Giffey, die anders als Klaus Lederer (Linke) und Bettina Jarasch (Grüne) von einer zur anderen Sekunde in ein keineswegs angelernt klingendes Berlinerisch umschalten kann, ist aktuell hochbeliebt – und wenn nicht noch ein Wunder geschieht (aus der Perspektive der Koalitionspartner*innen der SPD im jetzigen Senat), wird sie die nächste Regierende Bürgermeisterin von Berlin. Und zwar nicht trotz, sondern wegen ihrer volkstümlichen Art.
Man muss es den verbitterten Wahlkämpfenden der Grünen einfach nochmals sagen: Kreuzberg, Friedrichshain und Schöneberg sind Teile von Berlin. Wer da lebt, hört anspruchsvolle Musik, geht, so hat es den Anschein, gern Kulturellem ohnehin nach, isst tendenziell vegan und spricht wahnsinnig wach und woke. Giffey, ganz perfekte Schülerin ihres Mentor, des im Gegensatz zu Thilo Sarrazin keineswegs in Neukölln rassistisch wahrgenommenen Heinz Buschkowsky, weiß das alles – und macht Wahlkampf im ganzen Berlin. Sagt, dass sie das Auto nicht aus den belebteren Vierteln ausschließen will und dass sie das Gespräch zur Wohnungsfrage sucht, nicht die enteignungdrohende Konfrontation. So eine liebt das gewöhnliche Berlin, klar: Da will eine ein bisschen ändern, aber das Bestehende nicht kulturkämpferisch antasten.

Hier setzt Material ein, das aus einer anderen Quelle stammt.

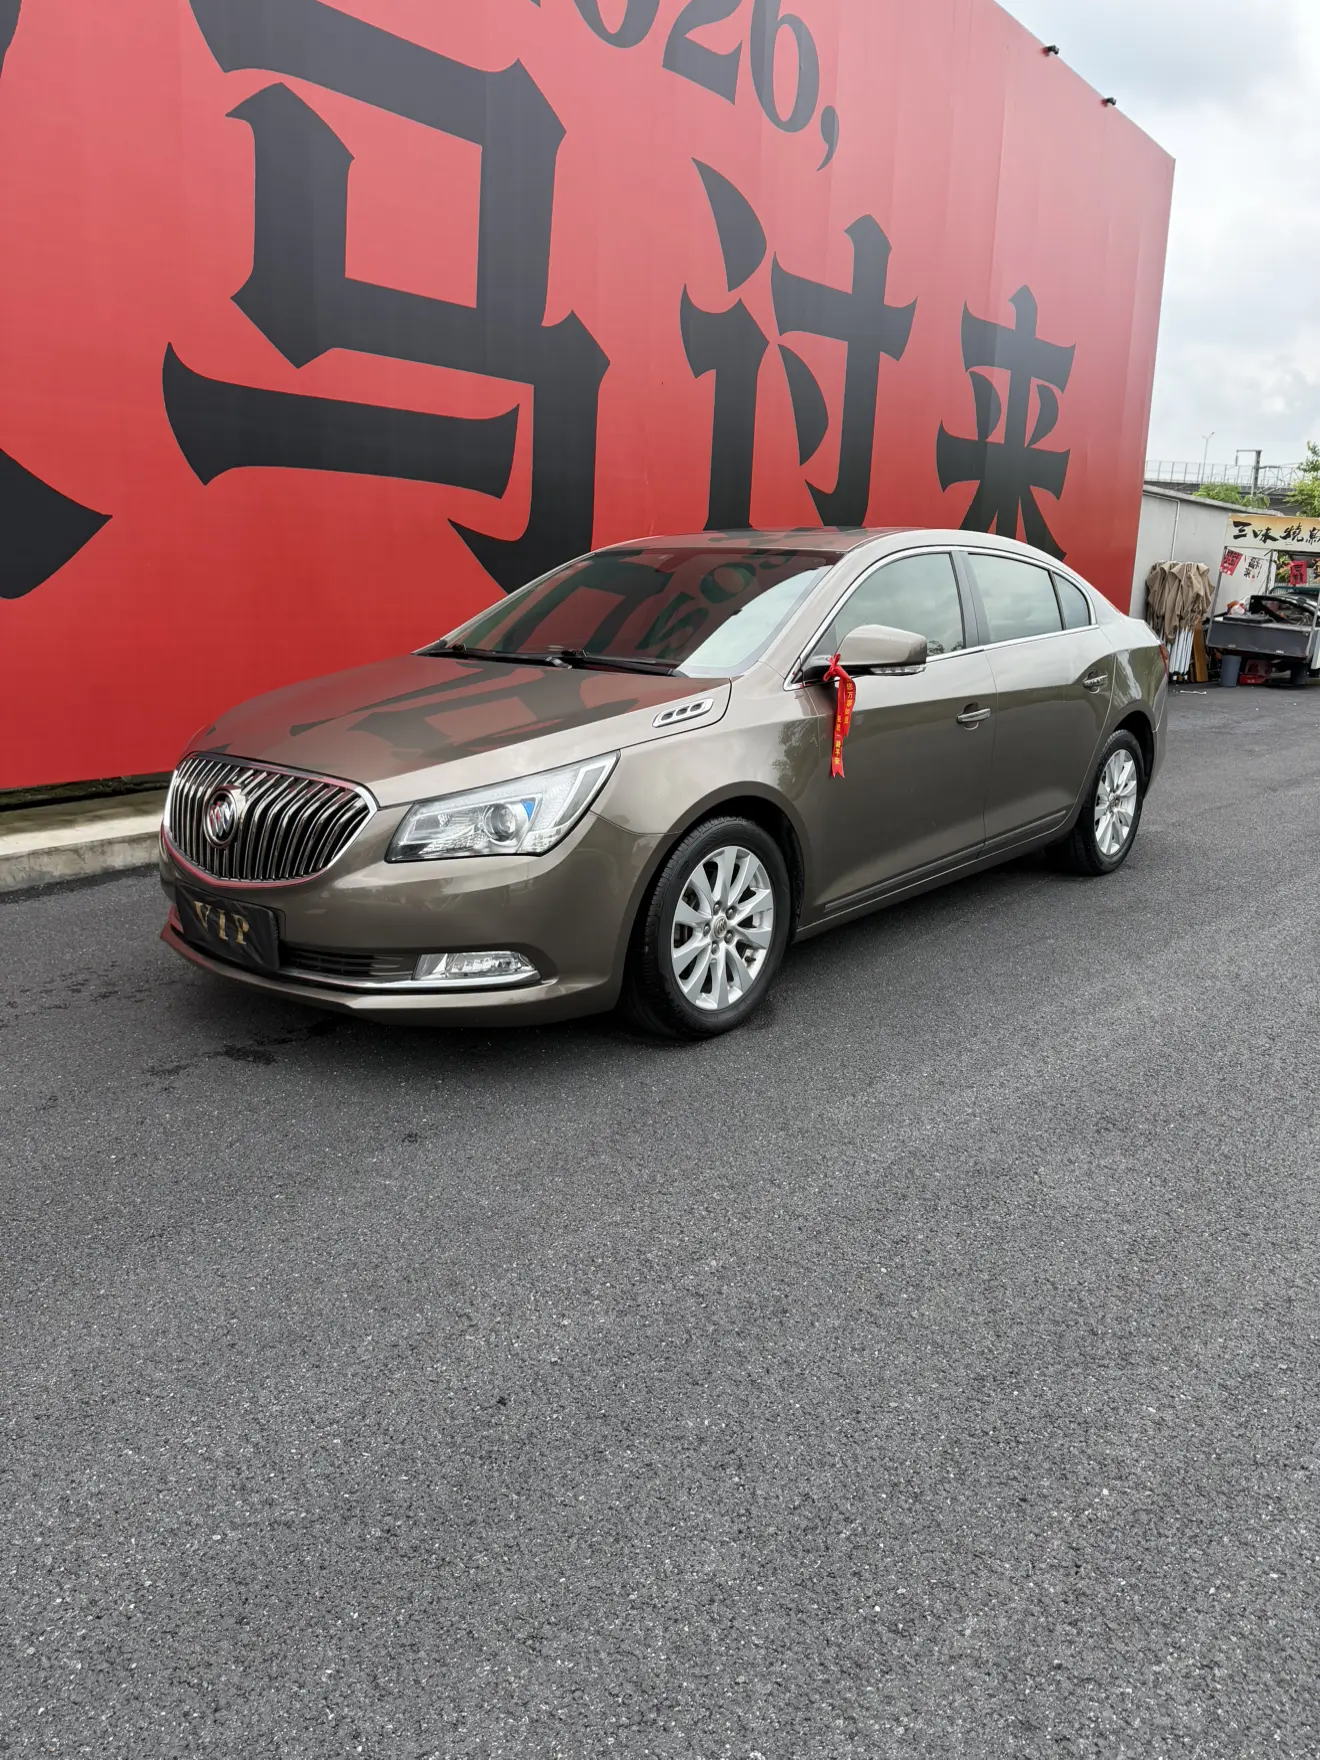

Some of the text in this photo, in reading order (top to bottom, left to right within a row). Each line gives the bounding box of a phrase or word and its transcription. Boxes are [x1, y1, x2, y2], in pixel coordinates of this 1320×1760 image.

[0, 0, 1075, 598] 马过来
[193, 900, 249, 945] VIP
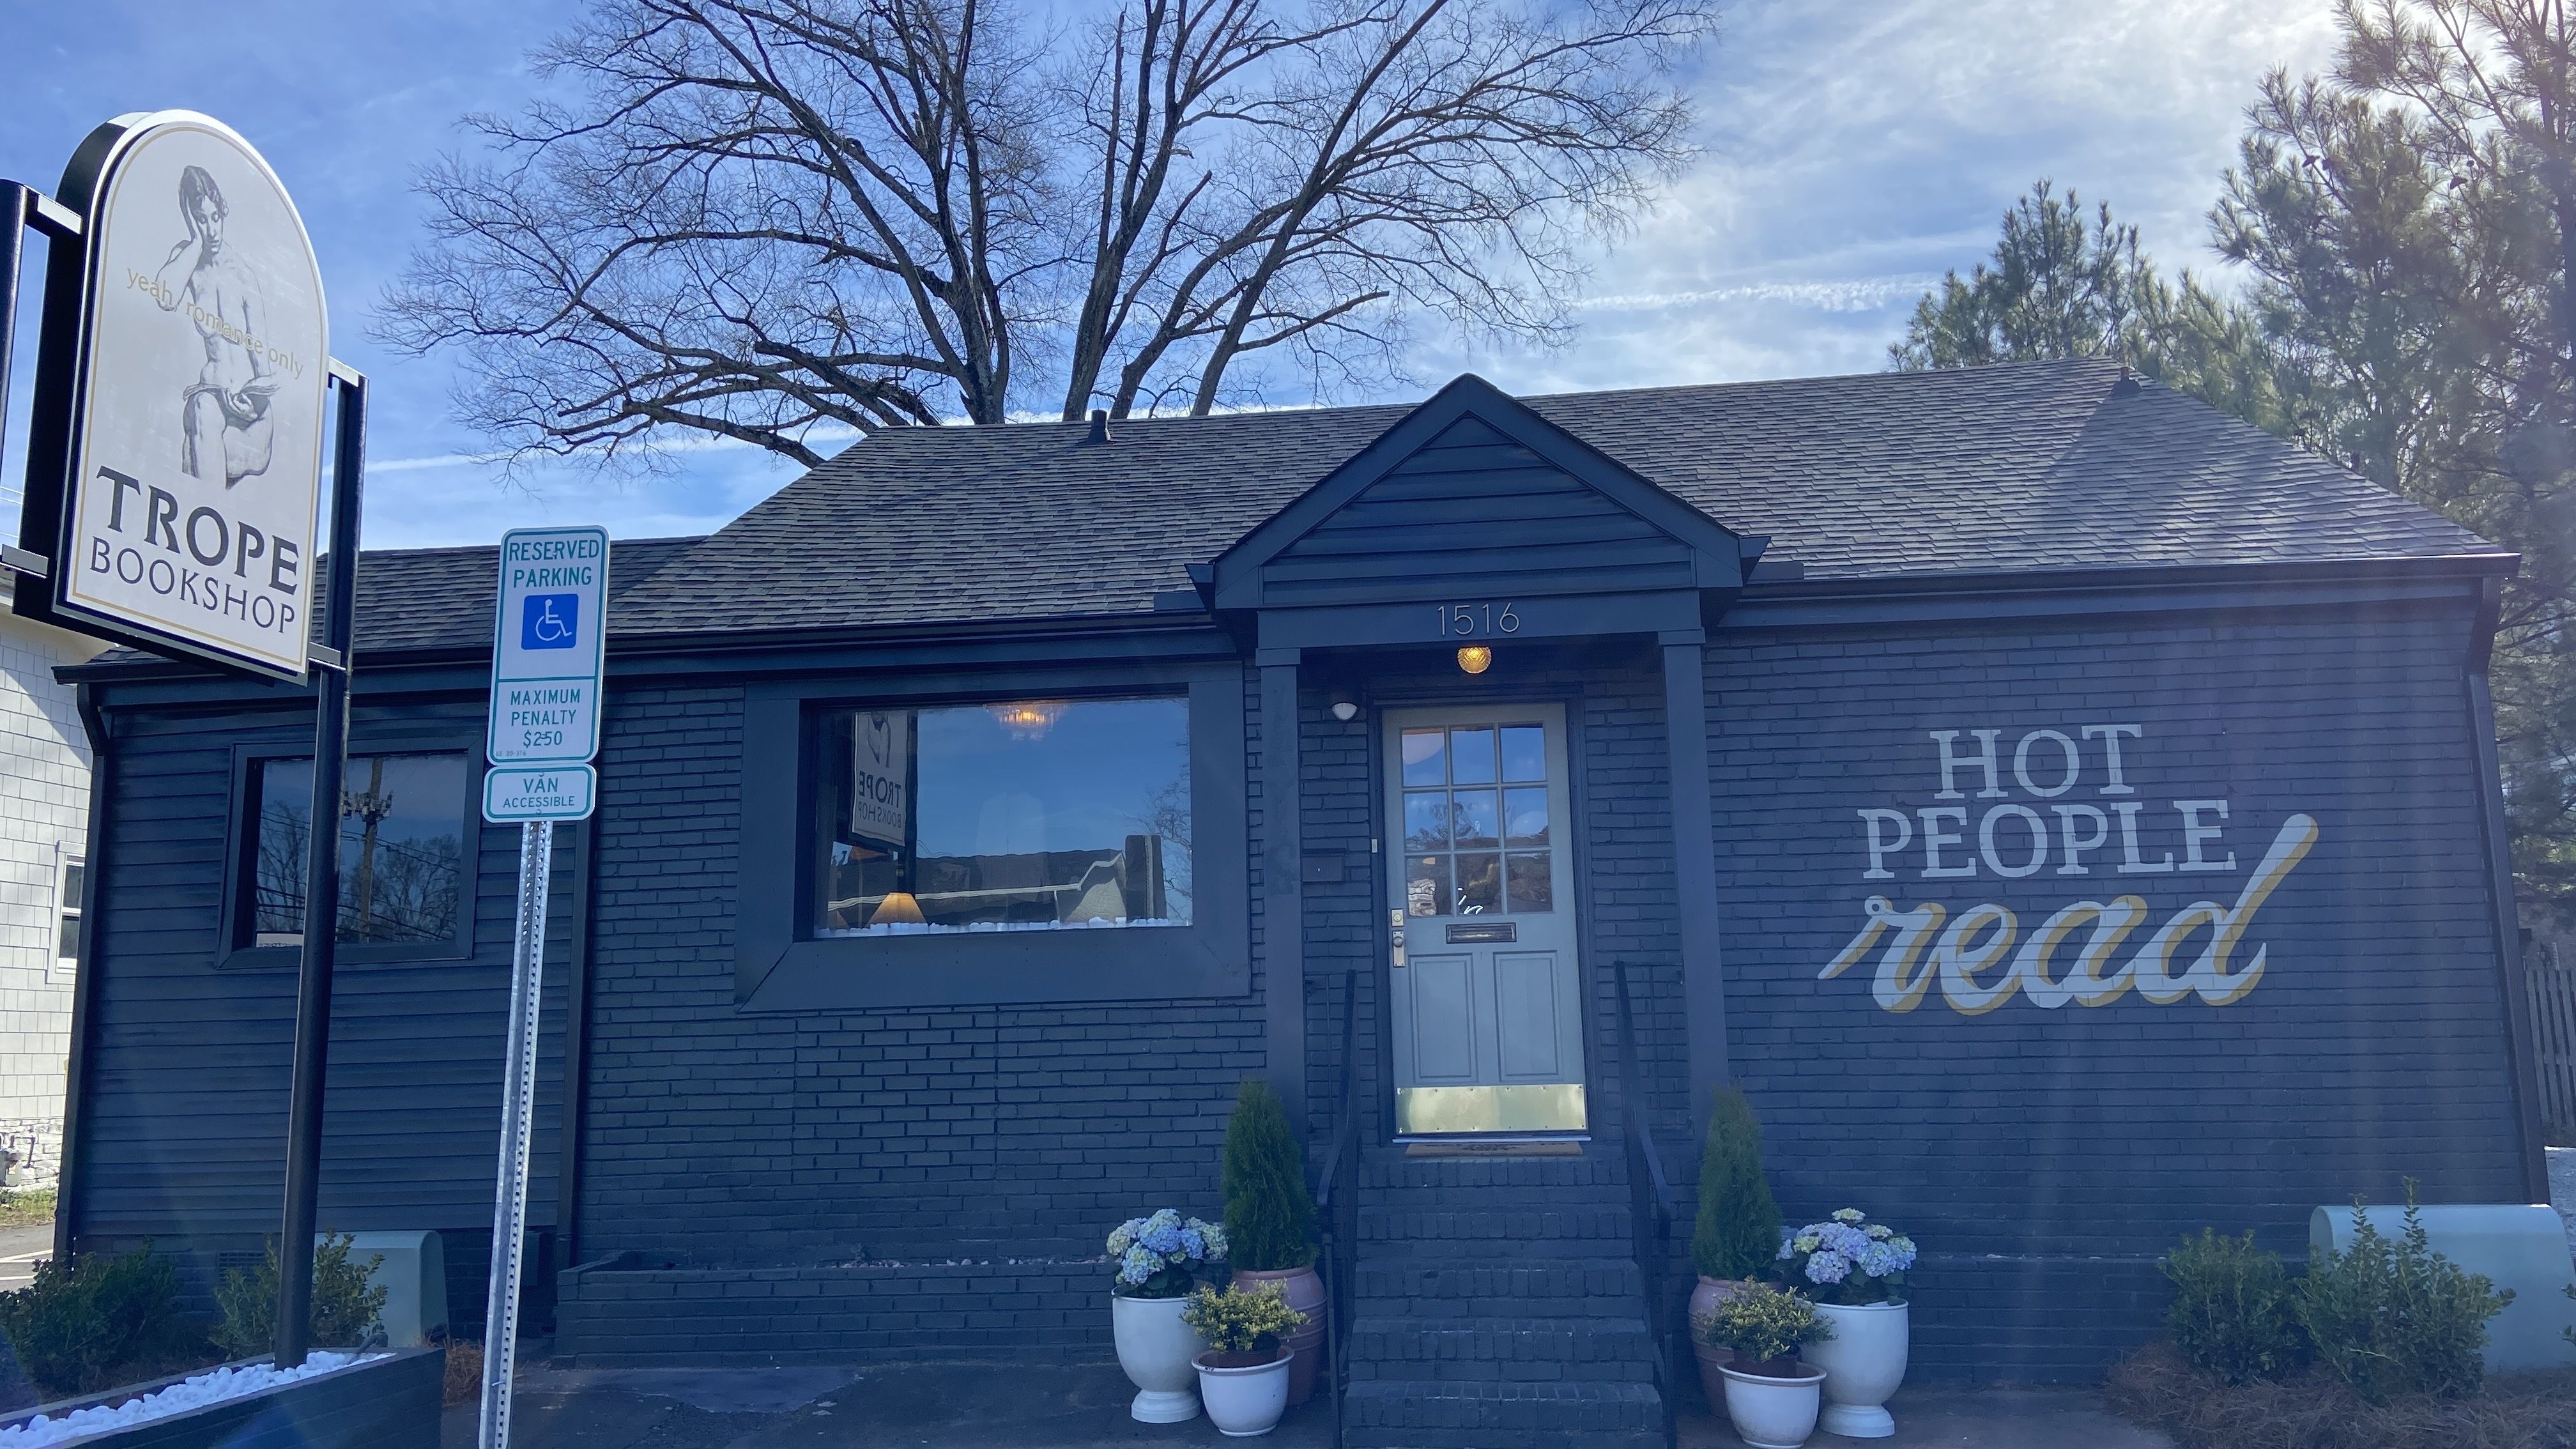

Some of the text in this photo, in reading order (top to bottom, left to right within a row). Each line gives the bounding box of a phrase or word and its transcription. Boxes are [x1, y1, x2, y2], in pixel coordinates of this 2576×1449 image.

Dit is doch den Berlinern ejal
Dass sie aus der Perspektive von ‚coolen‘ Kreuzbergleuten kreischig aussieht und sich so auch anhört, ist ihr größter Trumpf: ein Ausweis von Volksnähe, was nicht jeder in ihrer Partei, der SPD, drauf hat, Michael Müller, der in den Bundestag wechselnde Bürgermeister, beweist dies. Ein Glücksfall für Giffey war natürlich auch, dass Bettina Jarasch von ihren Grünen schwer gedemütigt wurde, als sie dafür mit steifsten Volkserzieher*innenlippen darauf hingewiesen wurde, dass man sich gefälligst von Träumen aus Kindertagen zu distanzieren habe, Indianerphantasien, Sie wissen schon.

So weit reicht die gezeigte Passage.